Rede der Direktorin des Geschwister-Scholl-Gymnasiums Antje Malycha

Rede der Jahrgangssprecher Kathrin Schiemenz und Mario Bause

 

(WR v. 27.06.04) "Schade, dass alles vorbei ist", hörte man am Freitagabend beim Verlassen des Theatersaales im Kulturhaus. Viele werden ähnlich gedacht haben. Mit einer großartigen Entlassfeier wurden 99 Abiturientinnen und Abiturienten der Staberger Gymnasien verabschiedet.

In einem harmonisch heiteren Programm, das Sonja Hartmann und Niklas Alof moderierten, ging es nach Vätersitte wie stets um Musik, Tanz und viel Verbales, das nachdenklich stimmte, aber ebenso belustigte. Eine Augenweide allein war der "Einmarsch der Erfolgreichen". Modenschauen der Haute Couture nicht unähnlich, schritten die jungen Damen und Herren in selbstbewusster Haltung, blendendem Outfit und eigentlich ohne sichtbare Nervosität auf ihre Plätze.

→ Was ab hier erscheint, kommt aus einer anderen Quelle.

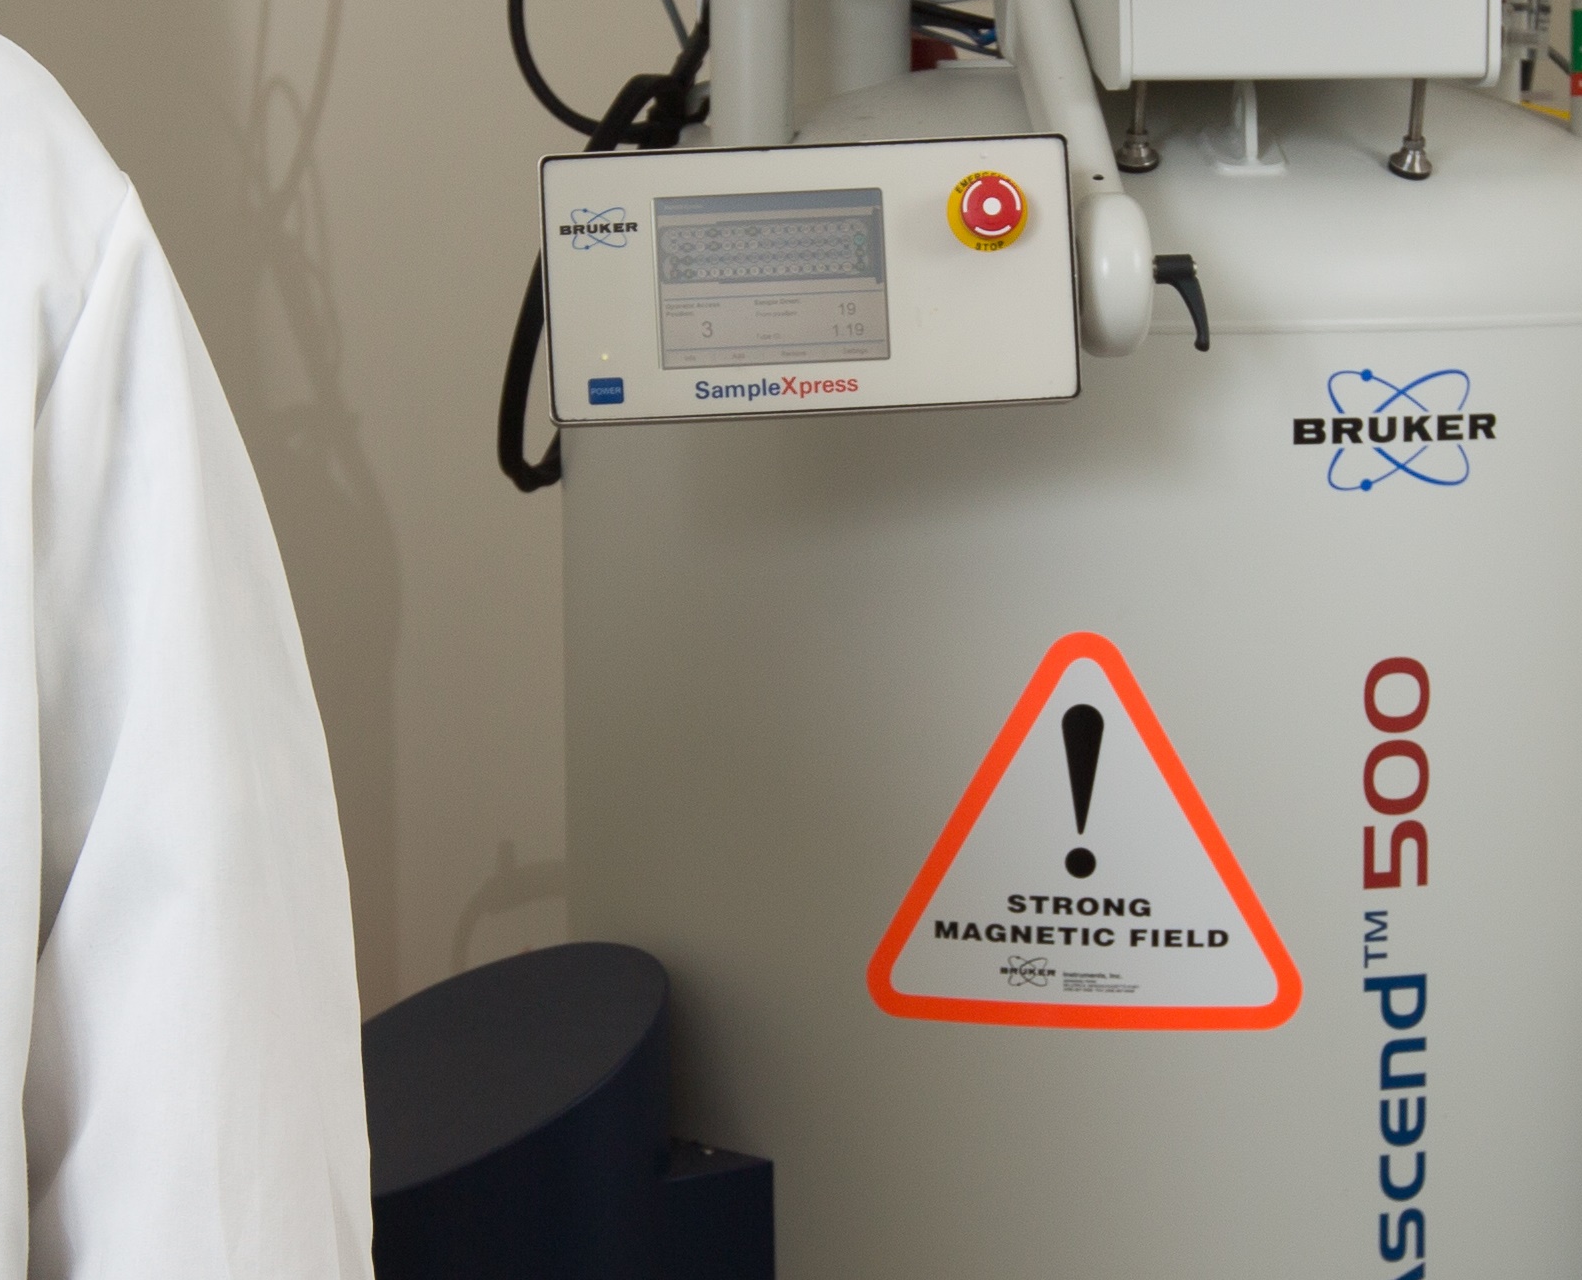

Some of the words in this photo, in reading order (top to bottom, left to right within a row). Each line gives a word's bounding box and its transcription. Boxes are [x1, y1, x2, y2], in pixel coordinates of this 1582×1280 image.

Fesselnd und gediegen die Ansprache von Direktorin Antje Malycha, die sie ohne erhobenen Zeigefinger, eher freundschaftlich den Scheidenden mit auf den Weg gab. Darin lobte sie vor allem die Gemeinschaft des Abi-Jahrgangs 2004. Ihre Empfehlung war, Selbstvertrauen, Zuversicht und Kompetenz vom "Abilymp" in das Leben mitzunehmen. Gleichzeitig erinnerte sie daran, von jetzt an als ein in der Gesellschaft lebendes Wesen "sehr viel mehr Verantwortung zu tragen für ein Leben in Freiheit, in dem ein friedliches ökologisches, wirtschaftliches und soziales Gleichgewicht gesichert sein soll."

Malycha warnte aber auch vor Selbstüberschätzung und dem Glauben an die eigene Unfehlbarkeit. Letztere schließe schon das Scheitern in sich, weil sie die Achtsamkeit ausschließe, was sie mit dem Bild des Phaeton aus der griechischen Sage als Parallele vor Augen führte.

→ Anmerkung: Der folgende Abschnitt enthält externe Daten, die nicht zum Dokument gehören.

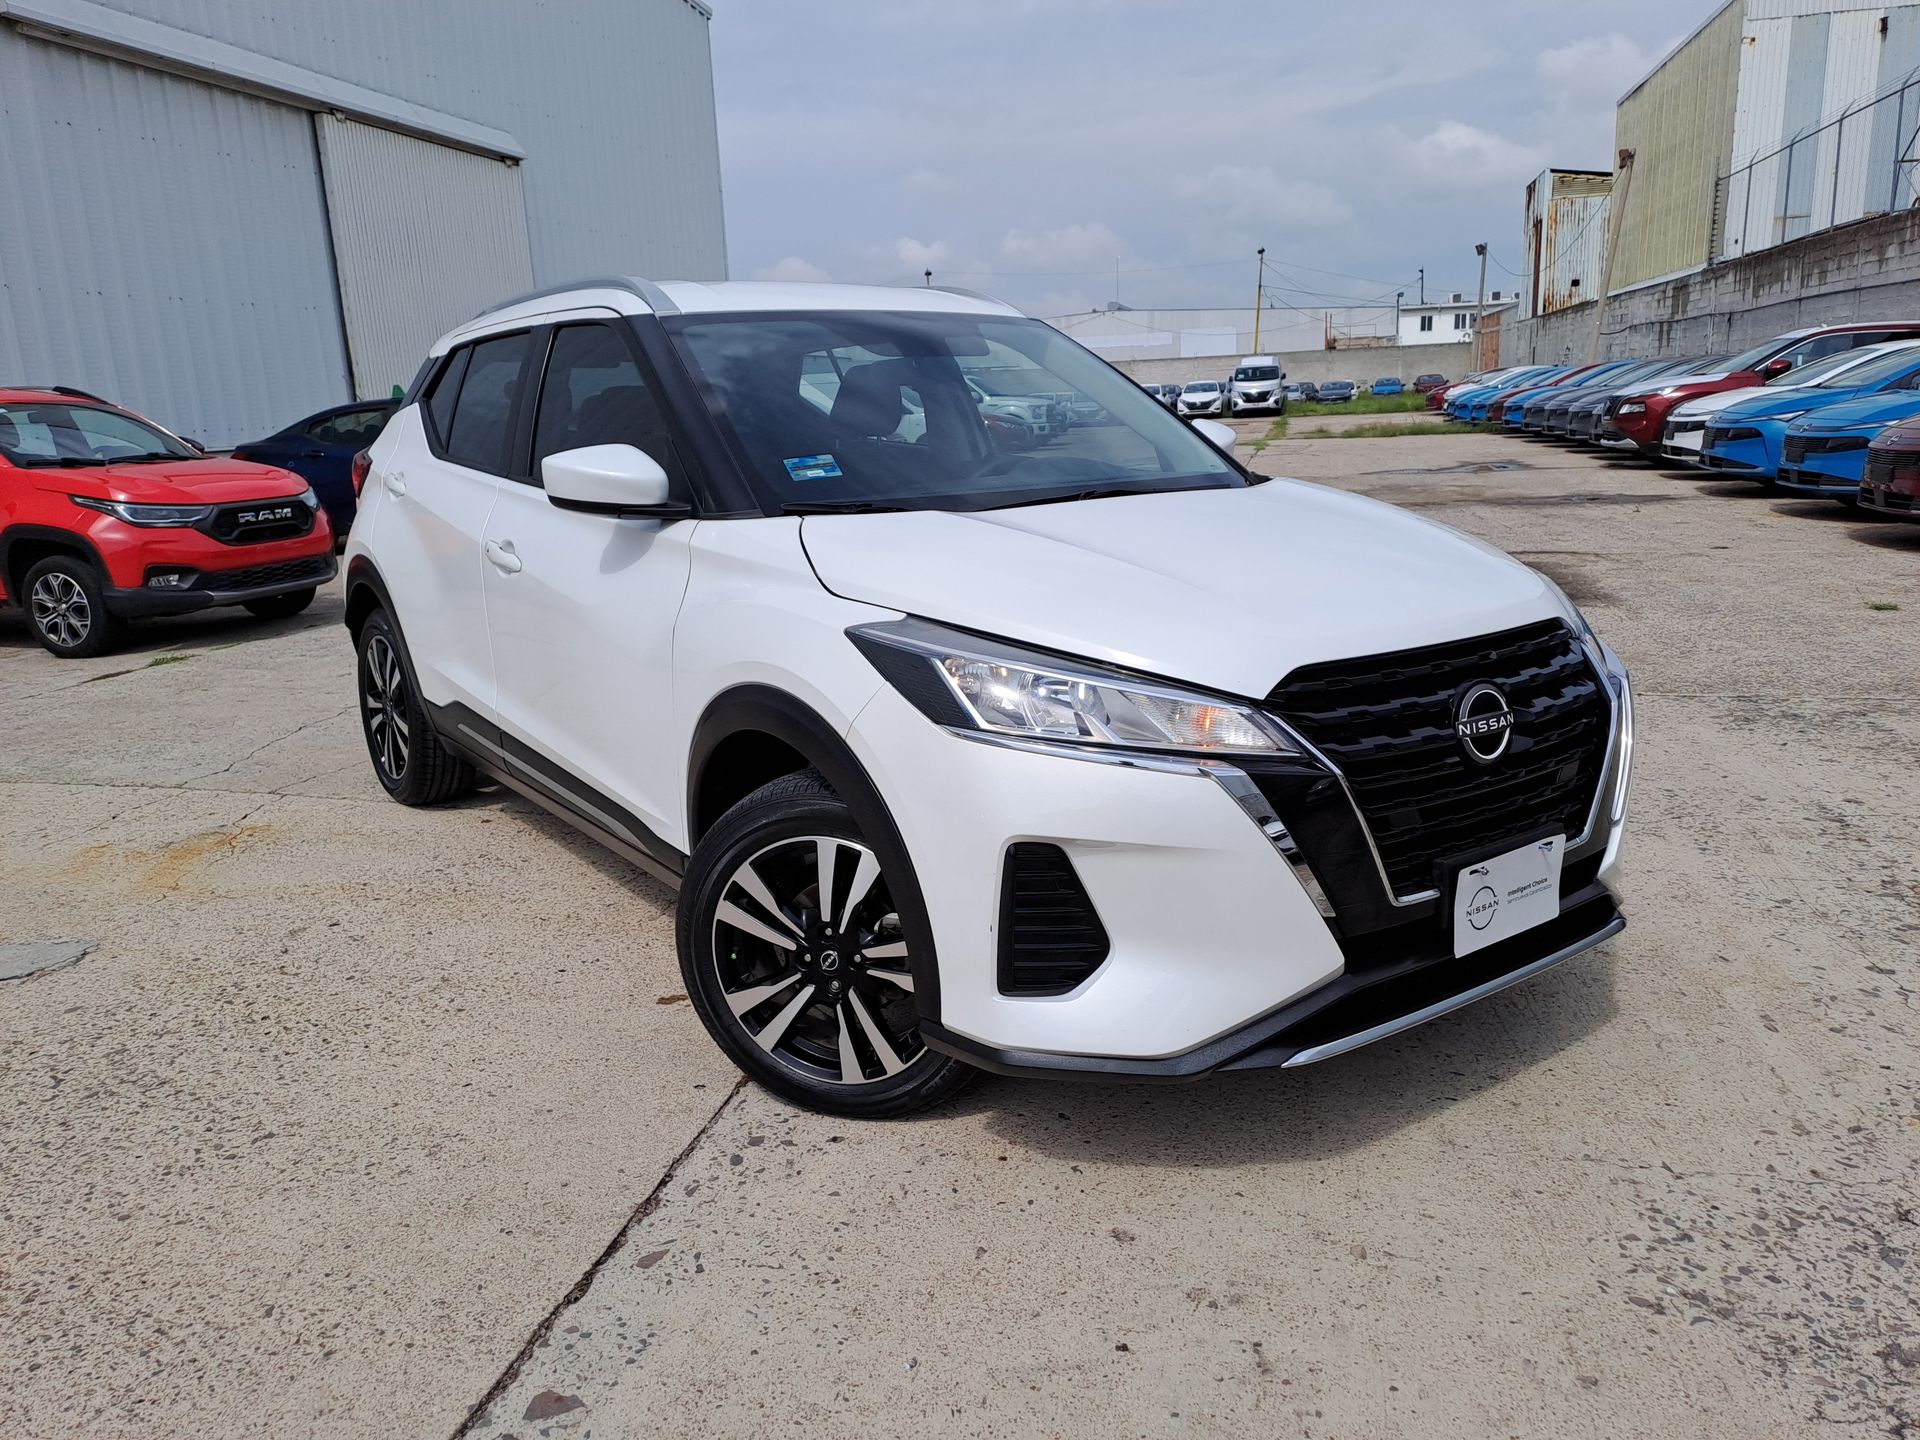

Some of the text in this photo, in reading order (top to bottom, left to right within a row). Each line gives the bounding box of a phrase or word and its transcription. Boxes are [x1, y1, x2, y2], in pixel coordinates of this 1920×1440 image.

Das Bild des griechischen Götterhimmels griffen die Jahrgangstufensprecher Cathrin Schiemenz und Mario Bause auch in ihrer witzigen Ansprache auf, als sie sich an "Göttervater Manfred Zeus und Göttin Hera Malycha" wandten. Nicht ganz ernst zu nehmen waren Schliche und Ränke, die sie aus dem Schulalltag wortgewandt ausplauderten und doch viel Wahrheit darin verpackten.

Ihre unbekümmerte Zuversicht - die Zukunft betreffend - gaben sie mit Erich Kästner zum Besten: "Auch mit Steinen, die dir in den Weg gelegt werden, kannst du etwas Schönes bauen."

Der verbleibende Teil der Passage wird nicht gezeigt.